Patterns in Permutations
In this column, we will consider classes of permutations that appear in various contexts and seek a means of describing the permutations in these classes. ...
Introduction
Permutations appear so commonly in mathematics that even elementary students are familiar with them. In this column, we will look at some classes of permutations and see how they may be described using the language of patterns in permutations.
Of course, a permutation is usually thought of as a bijection $\sigma$ from a set having $n$ elements to itself. Frequently, we think of $\sigma:\{1,2,\ldots,n\}\to\{1,2,\ldots,n\}$ and write $\sigma = \sigma_1\sigma_2\ldots\sigma_n$ to mean $\sigma(i) = \sigma_i$. For example, the permutation $\sigma = 52314$ has the property that $$ \sigma(1) = 5, \sigma(2) = 2, \sigma(3) = 3, \sigma(4) = 1,\sigma(5) = 4. $$
In this column, we will consider classes of permutations that appear in various contexts and seek a means of describing the permutations in these classes. Let's begin with a classical problem introduced by Knuth before considering a more recent problem in computational biology.
Sorting with a stack
We begin by looking at how a stack, a simple but powerful data structure frequently used in computing, may be used for sorting. For example, we will input a permutation of the integers $1,2,3,\ldots, n$, such as 3124, and seek a process that sorts the integers into the increasing sequence 1234.
A stack may be schematically represented as shown below.
At the beginning of the sorting process, we have the input on the right.
Individual numbers are transferred from the input to the output with the stack acting as a way station. There are only two allowed operations.
- Numbers may be pushed from the left of the input string to the top of the stack.
- Numbers may be popped from the top of the stack to the right of the output string.
The following rules define an algorithm that attempts to sort the input into a string of increasing integers.
- The algorithm ends when the stack and the input are empty.
- Perform a push if the stack is empty and input is not empty.
- Perform a pop if the input is empty and the stack is not empty.
- If $x$ is on top of the stack and $y$ on the left of the input,
perform a pop if $x \lt y$
and a push if $x \gt y$.
The following steps result from applying this algorithm to the input string 3124:
Comments?
Stack-sortable permutations
This example shows that our stack-sorting algorithm is capable of sorting the permutation 3124. Can every permutation be sorted in this way?
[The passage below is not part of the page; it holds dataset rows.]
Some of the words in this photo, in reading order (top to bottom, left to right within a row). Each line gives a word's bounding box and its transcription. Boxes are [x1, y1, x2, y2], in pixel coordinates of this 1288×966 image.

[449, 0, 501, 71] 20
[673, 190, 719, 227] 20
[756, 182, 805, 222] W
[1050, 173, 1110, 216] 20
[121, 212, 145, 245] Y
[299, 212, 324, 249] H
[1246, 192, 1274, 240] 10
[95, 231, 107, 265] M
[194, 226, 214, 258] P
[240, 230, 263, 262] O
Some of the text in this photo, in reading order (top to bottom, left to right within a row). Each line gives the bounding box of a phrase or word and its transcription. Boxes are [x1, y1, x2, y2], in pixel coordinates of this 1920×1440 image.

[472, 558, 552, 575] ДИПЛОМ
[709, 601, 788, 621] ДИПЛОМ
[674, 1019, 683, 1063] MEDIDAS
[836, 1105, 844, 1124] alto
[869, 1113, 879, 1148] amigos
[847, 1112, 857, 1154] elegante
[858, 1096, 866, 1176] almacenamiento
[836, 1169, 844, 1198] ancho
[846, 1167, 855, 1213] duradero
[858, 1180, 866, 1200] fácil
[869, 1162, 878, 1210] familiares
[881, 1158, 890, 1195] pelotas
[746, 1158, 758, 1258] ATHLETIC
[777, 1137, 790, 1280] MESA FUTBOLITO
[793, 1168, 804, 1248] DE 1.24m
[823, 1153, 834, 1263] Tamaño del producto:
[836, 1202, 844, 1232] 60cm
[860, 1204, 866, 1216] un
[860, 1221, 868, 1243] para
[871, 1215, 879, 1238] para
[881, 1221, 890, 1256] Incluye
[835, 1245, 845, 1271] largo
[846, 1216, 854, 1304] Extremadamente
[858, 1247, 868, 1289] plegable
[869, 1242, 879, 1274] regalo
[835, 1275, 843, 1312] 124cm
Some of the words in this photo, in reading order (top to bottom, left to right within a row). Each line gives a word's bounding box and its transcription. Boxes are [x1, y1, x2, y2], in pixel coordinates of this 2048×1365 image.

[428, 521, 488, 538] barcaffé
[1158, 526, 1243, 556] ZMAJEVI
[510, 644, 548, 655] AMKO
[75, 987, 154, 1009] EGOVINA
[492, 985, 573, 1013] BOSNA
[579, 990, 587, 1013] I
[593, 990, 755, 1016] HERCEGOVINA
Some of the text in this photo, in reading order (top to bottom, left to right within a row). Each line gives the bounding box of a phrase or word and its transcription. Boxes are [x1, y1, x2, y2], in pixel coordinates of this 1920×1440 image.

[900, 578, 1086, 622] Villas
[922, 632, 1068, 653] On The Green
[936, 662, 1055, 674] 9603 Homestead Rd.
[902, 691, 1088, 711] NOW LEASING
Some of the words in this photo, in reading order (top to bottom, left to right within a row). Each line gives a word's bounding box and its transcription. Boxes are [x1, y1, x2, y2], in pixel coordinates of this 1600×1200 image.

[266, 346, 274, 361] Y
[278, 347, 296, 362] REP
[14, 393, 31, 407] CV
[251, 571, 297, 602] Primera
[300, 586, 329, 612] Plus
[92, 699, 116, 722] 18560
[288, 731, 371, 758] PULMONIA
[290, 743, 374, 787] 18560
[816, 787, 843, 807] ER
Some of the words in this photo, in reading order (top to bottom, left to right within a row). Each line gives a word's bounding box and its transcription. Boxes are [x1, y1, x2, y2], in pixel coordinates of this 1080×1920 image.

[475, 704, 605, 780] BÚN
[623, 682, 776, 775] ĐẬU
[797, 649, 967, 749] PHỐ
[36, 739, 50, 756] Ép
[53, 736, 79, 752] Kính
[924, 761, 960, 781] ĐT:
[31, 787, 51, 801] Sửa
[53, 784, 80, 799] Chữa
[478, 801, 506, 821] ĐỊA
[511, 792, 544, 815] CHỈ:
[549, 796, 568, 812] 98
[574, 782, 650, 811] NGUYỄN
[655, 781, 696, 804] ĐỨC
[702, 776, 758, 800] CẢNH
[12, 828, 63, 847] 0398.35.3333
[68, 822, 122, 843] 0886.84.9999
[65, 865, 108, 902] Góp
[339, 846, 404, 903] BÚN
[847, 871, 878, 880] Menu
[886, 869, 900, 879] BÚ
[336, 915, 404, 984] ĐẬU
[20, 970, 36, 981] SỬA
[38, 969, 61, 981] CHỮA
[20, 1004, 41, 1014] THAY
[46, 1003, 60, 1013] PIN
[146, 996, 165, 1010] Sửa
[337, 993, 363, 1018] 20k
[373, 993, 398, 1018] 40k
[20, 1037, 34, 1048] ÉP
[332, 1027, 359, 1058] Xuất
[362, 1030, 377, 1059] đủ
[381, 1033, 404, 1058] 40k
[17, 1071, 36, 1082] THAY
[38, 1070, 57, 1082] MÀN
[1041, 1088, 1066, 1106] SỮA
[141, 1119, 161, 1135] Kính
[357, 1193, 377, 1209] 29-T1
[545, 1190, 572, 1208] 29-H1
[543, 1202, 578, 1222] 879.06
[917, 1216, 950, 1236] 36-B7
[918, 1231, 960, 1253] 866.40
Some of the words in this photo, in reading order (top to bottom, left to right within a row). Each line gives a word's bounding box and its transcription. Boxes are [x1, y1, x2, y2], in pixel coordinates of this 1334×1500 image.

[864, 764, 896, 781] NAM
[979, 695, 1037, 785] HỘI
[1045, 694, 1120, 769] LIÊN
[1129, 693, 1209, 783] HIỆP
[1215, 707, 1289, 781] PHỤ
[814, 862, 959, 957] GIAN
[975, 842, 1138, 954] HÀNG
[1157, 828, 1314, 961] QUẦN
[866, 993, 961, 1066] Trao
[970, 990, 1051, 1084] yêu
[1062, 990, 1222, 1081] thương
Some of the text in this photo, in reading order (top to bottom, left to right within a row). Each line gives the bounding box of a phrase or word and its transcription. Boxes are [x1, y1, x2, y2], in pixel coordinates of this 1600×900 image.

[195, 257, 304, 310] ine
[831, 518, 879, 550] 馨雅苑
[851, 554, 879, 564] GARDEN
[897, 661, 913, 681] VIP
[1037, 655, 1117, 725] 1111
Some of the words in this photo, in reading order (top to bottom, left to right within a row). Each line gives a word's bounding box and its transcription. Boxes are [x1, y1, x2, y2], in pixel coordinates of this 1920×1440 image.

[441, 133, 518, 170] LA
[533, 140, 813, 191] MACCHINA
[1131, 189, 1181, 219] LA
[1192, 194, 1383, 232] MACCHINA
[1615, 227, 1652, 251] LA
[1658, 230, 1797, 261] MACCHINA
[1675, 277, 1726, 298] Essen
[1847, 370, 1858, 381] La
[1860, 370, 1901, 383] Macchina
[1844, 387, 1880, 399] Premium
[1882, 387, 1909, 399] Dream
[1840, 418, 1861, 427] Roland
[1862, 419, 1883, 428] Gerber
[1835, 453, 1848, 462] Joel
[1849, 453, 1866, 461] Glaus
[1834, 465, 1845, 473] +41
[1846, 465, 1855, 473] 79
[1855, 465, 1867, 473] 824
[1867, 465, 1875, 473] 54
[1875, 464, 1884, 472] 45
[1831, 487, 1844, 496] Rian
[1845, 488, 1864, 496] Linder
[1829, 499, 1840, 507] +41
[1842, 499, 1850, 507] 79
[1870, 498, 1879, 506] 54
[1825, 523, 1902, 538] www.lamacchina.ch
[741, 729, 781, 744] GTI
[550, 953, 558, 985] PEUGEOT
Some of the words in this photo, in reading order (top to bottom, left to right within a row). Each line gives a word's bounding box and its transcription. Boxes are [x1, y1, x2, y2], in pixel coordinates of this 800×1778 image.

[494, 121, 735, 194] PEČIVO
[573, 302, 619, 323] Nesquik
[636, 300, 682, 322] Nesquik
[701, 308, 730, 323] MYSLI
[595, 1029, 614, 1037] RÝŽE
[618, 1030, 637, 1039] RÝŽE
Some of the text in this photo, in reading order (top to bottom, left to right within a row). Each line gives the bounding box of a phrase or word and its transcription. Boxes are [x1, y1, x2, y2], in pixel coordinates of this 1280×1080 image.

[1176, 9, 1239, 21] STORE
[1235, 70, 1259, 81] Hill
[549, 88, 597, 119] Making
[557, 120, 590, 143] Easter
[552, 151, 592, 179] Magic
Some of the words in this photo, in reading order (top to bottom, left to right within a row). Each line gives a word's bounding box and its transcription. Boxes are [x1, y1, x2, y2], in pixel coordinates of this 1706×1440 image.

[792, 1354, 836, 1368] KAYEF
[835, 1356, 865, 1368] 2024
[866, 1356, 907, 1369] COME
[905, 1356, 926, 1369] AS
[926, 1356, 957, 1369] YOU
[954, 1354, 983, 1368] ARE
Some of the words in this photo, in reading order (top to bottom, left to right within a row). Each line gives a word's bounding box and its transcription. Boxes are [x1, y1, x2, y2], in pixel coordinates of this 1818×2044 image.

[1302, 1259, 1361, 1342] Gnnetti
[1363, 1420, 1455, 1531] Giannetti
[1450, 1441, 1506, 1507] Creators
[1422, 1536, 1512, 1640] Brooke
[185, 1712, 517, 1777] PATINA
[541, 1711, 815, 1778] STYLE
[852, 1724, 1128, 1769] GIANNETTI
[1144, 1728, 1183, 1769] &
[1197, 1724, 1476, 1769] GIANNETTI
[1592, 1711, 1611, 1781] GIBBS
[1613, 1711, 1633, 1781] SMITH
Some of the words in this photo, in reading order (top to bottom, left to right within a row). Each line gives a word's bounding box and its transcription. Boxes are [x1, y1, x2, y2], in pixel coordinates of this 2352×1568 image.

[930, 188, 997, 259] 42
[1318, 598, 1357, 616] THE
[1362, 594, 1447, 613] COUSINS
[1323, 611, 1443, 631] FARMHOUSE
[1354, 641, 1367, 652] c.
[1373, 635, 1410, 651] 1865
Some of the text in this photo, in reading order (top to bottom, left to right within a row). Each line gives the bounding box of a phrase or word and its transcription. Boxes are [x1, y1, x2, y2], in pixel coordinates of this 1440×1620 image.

An example with input 231 shows that the answer is no.
Since our algorithm does not sort the permutation 231 into 123, there are clearly some permutations that can be sorted in this way and some that can't. A permutation is called stack-sortable if it can be sorted using a stack. In searching for a criterion that detects when a permutation is stack-sortable, we are led to the notion of patterns in permutations.
First, we will introduce some terminology. A subsequence of a permutation $\sigma$ is a list of numbers obtained by removing some of the numbers from $\sigma$. For instance, the permutation $563412$ contains the subsequence $5342$ by removing $1$ and $6$.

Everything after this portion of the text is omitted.